The Canadian social credit movement was by far the most notable, but the ideas also gained some lesser success in other countries. One such country was New Zealand, where the Social Credit Party gained several seats in the national parliament, with 21% of the total votes at one election. In England, the Kibbo Kift, a small breakaway from the Boy Scout movement, transformed itself into the Green Shirt Movement for Social Credit, a political uniform-wearing paramilitary mass-movement, that marched, demonstrated and agitated in the 1930s for the introduction of a Social Credit system.

Theory

C. H. Douglas proposed that because the amount of money available under capitalism is necessarily lower than the total cost of goods produced, there will always be insufficient money to pay a realistic, sustainable price. He demonstrated this ostensible flaw with his A+B theorem, which states that if A is the payments made to all the consumers in the economy (through wages, dividends, and interest paid to banks) and B is the payments made by producers that are not eventually paid out to consumers (such as the overhead costs of buildings and equipment as they wear out) then the price charged for all goods must be at least A+B — an impossibility since only A is available to spend.

For such a system to sustain itself Douglas asserted that some or all of the following must happen:

If these things don't happen "businesses are forced to lay off workers, unemployment rises, the economy stagnates, taxes go unpaid, governments cut back services, and we have widespread poverty, when physically all of us could be living in plenty."

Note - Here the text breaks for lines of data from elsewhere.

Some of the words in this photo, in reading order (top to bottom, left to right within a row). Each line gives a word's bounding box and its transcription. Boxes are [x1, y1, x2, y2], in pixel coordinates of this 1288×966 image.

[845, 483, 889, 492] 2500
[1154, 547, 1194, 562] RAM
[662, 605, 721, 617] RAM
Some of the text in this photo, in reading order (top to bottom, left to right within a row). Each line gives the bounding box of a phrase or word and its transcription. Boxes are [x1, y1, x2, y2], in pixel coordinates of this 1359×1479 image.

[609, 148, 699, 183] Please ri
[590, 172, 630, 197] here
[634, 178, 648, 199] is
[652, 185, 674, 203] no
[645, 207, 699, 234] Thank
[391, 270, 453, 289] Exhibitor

Douglas believed that Social Credit could fix this problem by ensuring that there was always enough money (credits) issued to buy all the goods that could be produced. His solution is outlined in three core demands:

  1. For a "National Credit Office" to calculate on a statistical basis the amount of credit that should be circulating in the economy;
  2. For a price adjustment mechanism to absorb windfall profits in times of inflation, and return them to people in terms of subsidized, lower prices when the cost of goods on the market exceeds the money available to buy them;
  3. For a "National Dividend" to give a basic guaranteed income to all regardless of whether or not they have a job.
The engineer argued that this last demand makes sense now that automation and labor-saving devices have reduced the number of workers we need to produce our goods, and the hours they would have to work.

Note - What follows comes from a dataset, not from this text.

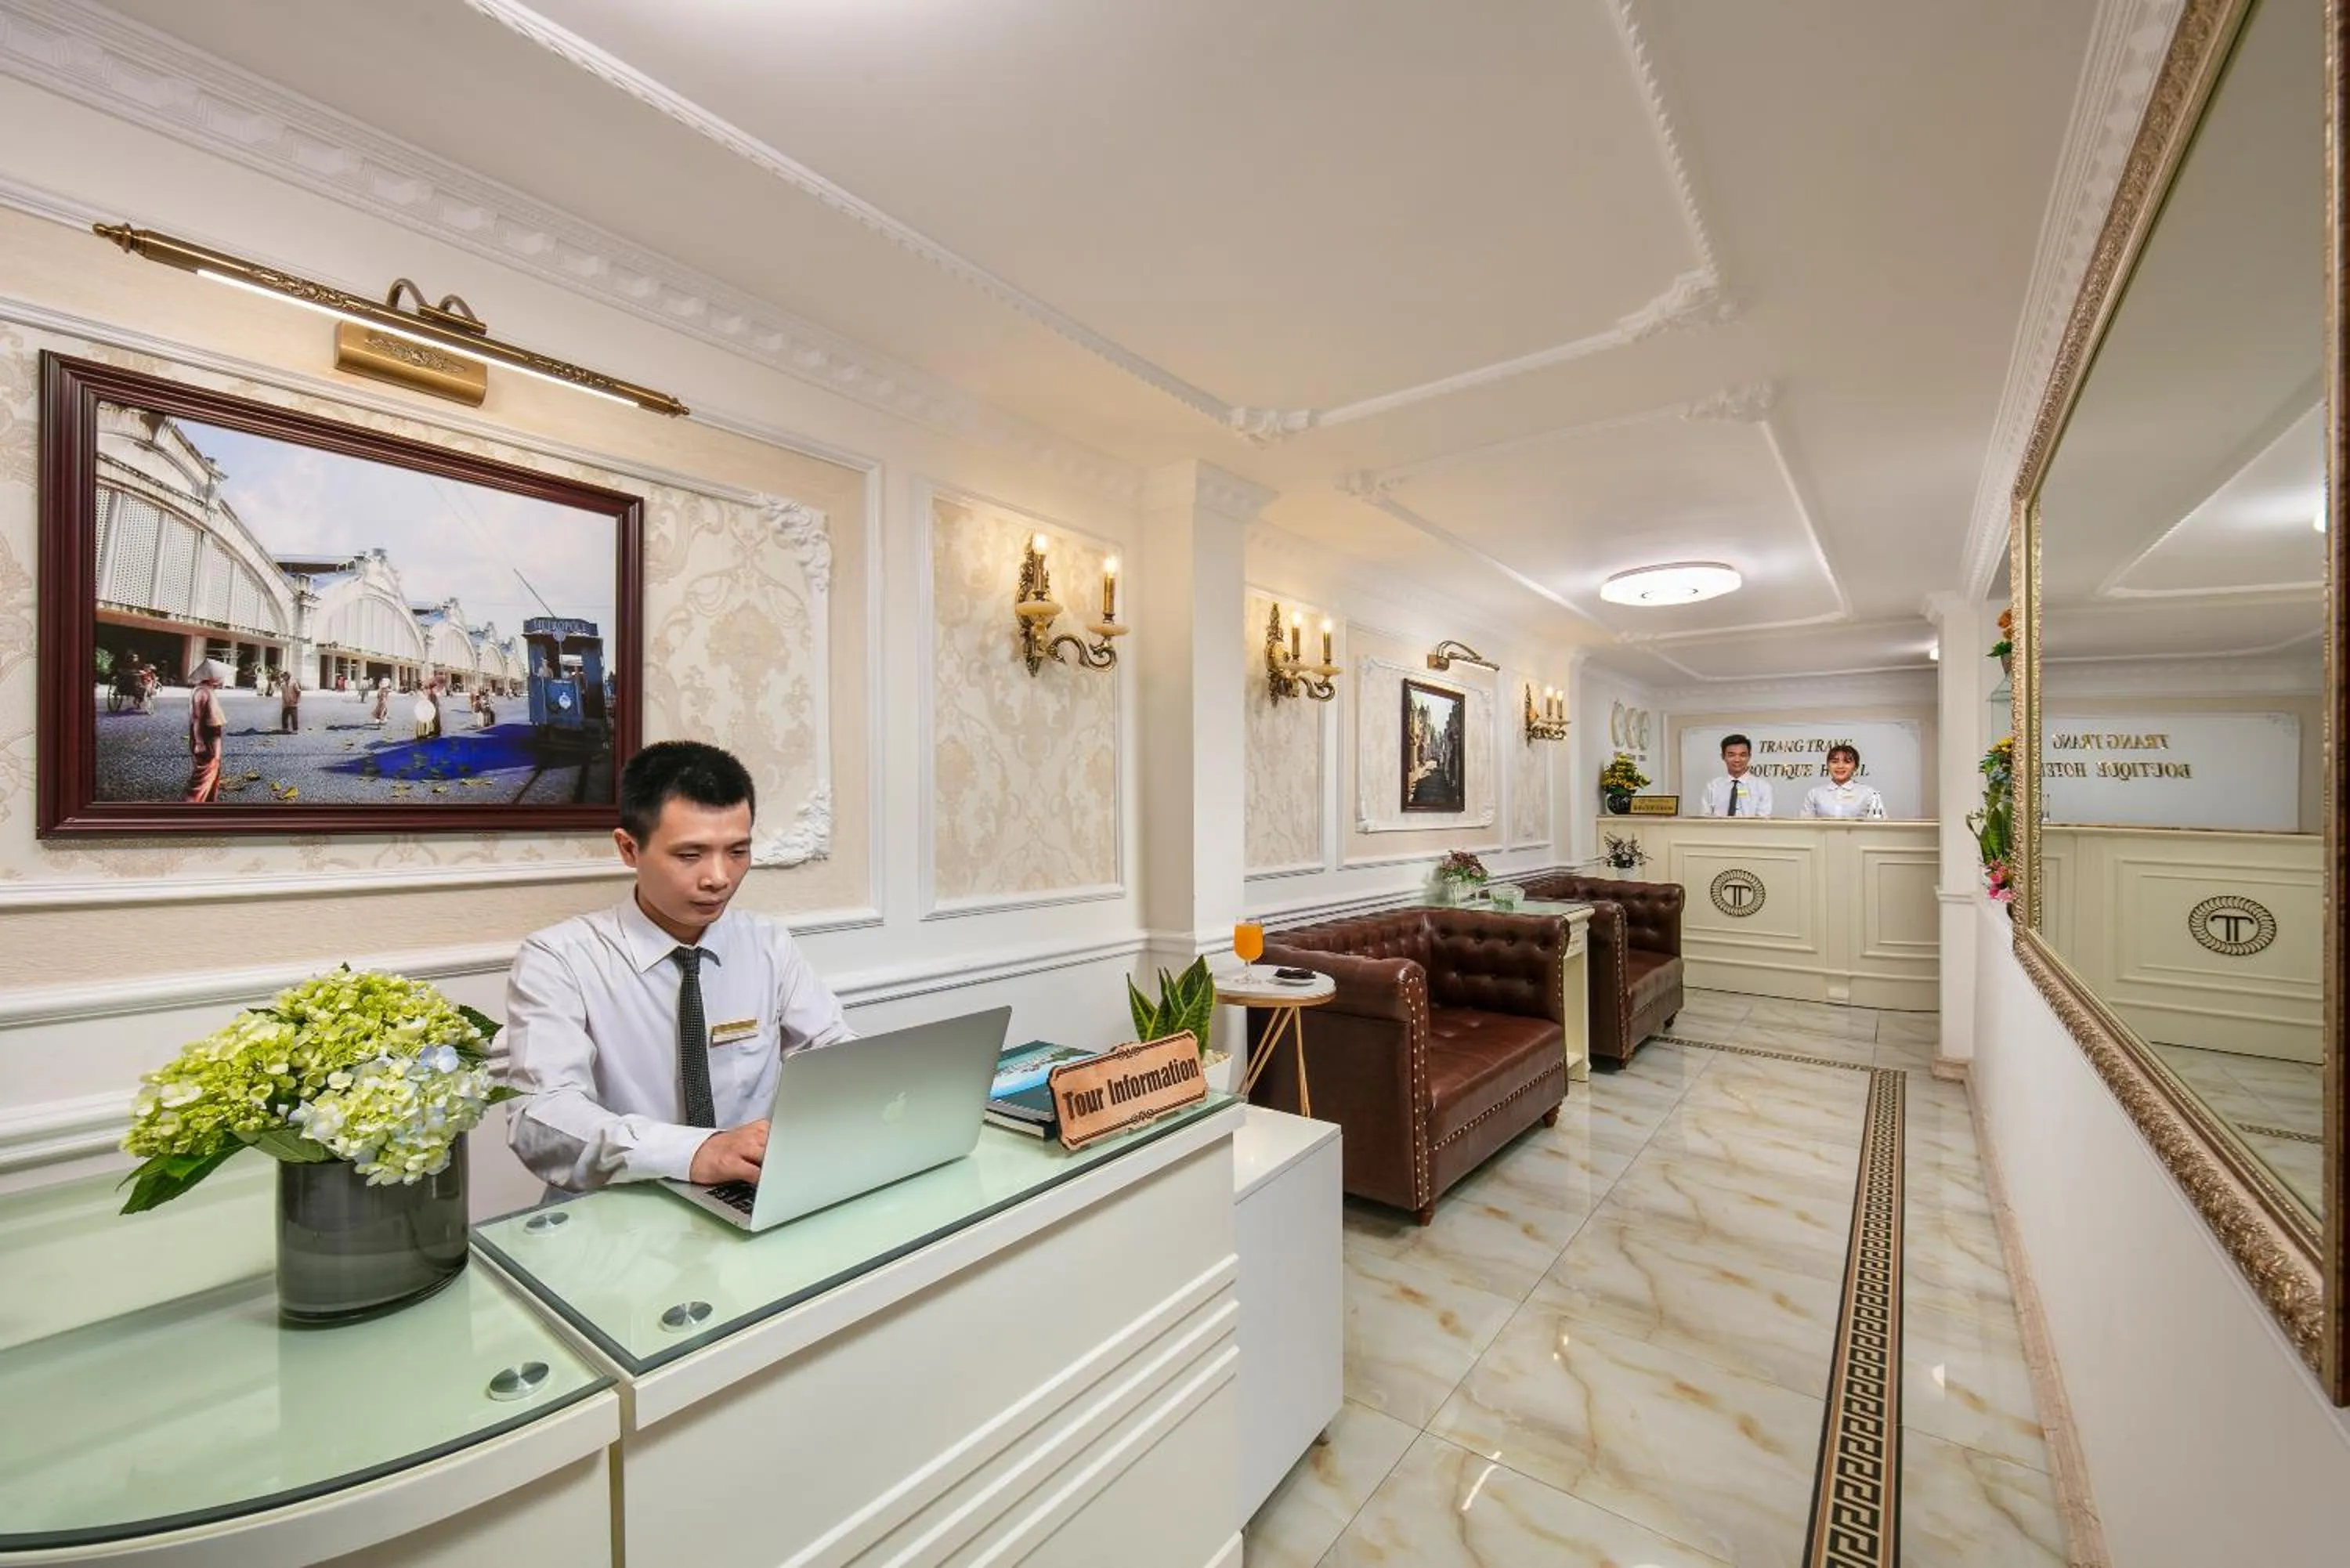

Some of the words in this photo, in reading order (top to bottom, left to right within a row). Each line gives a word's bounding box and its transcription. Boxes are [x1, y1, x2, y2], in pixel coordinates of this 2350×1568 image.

[1759, 739, 1803, 753] TRANG
[1062, 1088, 1104, 1120] Tour
[1107, 1057, 1199, 1105] Information

Douglas' ideas enjoyed great popularity during the Great Depression, although not enough to realize his plan. Writers like Ezra Pound supported social credit which they linked to an anti-semitic antipathy to 'Jewish bankers'.

Later versions of Social Credit theory

Robert A. Heinlein described a Social Credit economy in his first novel, For Us, the Living (published in 2003, but apparently written ca. 1939). (Beyond This Horizon describes a similar system, but in less detail.) The society in the book uses a method to prevent inflation: the government makes a deal with business owners. Instead of increasing prices, they cut prices, and the government (or the Bank of the United States) pays them the difference after seeing their sales receipts. Like the guaranteed income or heritage checks, this money comes out of the inkwell. In the future, the government no longer uses taxation to fund itself. The characters point out that present "fractional reserve" law allows banks to create money (by loaning out many times more money than they have on hand), while in Heinlein's future society only the US government can create US currency.

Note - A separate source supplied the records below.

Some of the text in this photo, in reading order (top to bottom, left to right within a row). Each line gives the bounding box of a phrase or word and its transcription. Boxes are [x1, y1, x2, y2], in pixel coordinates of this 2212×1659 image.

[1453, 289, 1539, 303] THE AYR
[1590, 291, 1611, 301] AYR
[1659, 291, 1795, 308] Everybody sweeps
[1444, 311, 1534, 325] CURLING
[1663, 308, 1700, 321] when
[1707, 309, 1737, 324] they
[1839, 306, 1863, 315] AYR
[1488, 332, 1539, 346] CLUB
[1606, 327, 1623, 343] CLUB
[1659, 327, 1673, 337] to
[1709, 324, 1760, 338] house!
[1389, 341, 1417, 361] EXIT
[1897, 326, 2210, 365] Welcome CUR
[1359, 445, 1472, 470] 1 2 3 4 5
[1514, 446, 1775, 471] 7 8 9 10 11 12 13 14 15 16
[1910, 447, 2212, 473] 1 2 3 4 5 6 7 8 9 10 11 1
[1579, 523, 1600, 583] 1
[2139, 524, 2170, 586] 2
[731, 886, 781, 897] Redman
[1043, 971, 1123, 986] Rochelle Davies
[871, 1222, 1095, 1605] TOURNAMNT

Robert Anton Wilson proposed another form of Social Credit. His plan aims to end "wage slavery", and begins by offering a reward to any worker who designs him-or-herself out of a job. The guaranteed income (or, in the Schrödinger's Cat Trilogy, a lesser reward to all other workers who "lose" their jobs to innovation) would prevent starvation. This income would consist of "trade aids" which would lose numerical value with the passage of time. This official reduction in value would encourage spending and (although Wilson does not state this explicitly) limit price inflation. Elsewhere RAW attributes this strategy to Silvio Gesell, who also suggested the government encourage small communities to experiment with alternate economic models. If one of these enclaves seemed especially successful, the country could copy their model in place of Gesell's own plan.

Arguments

Many if not all critics of Social Credit have argued that it would cause inflation. The Christian Reconstructionist writer Gary North (who wrote a book on Social Credit and allows it to appear online) addresses Douglas's plan to stop inflation, but calls it socialistic. He also adds moral arguments, such as the claim that God intends us to work for our survival.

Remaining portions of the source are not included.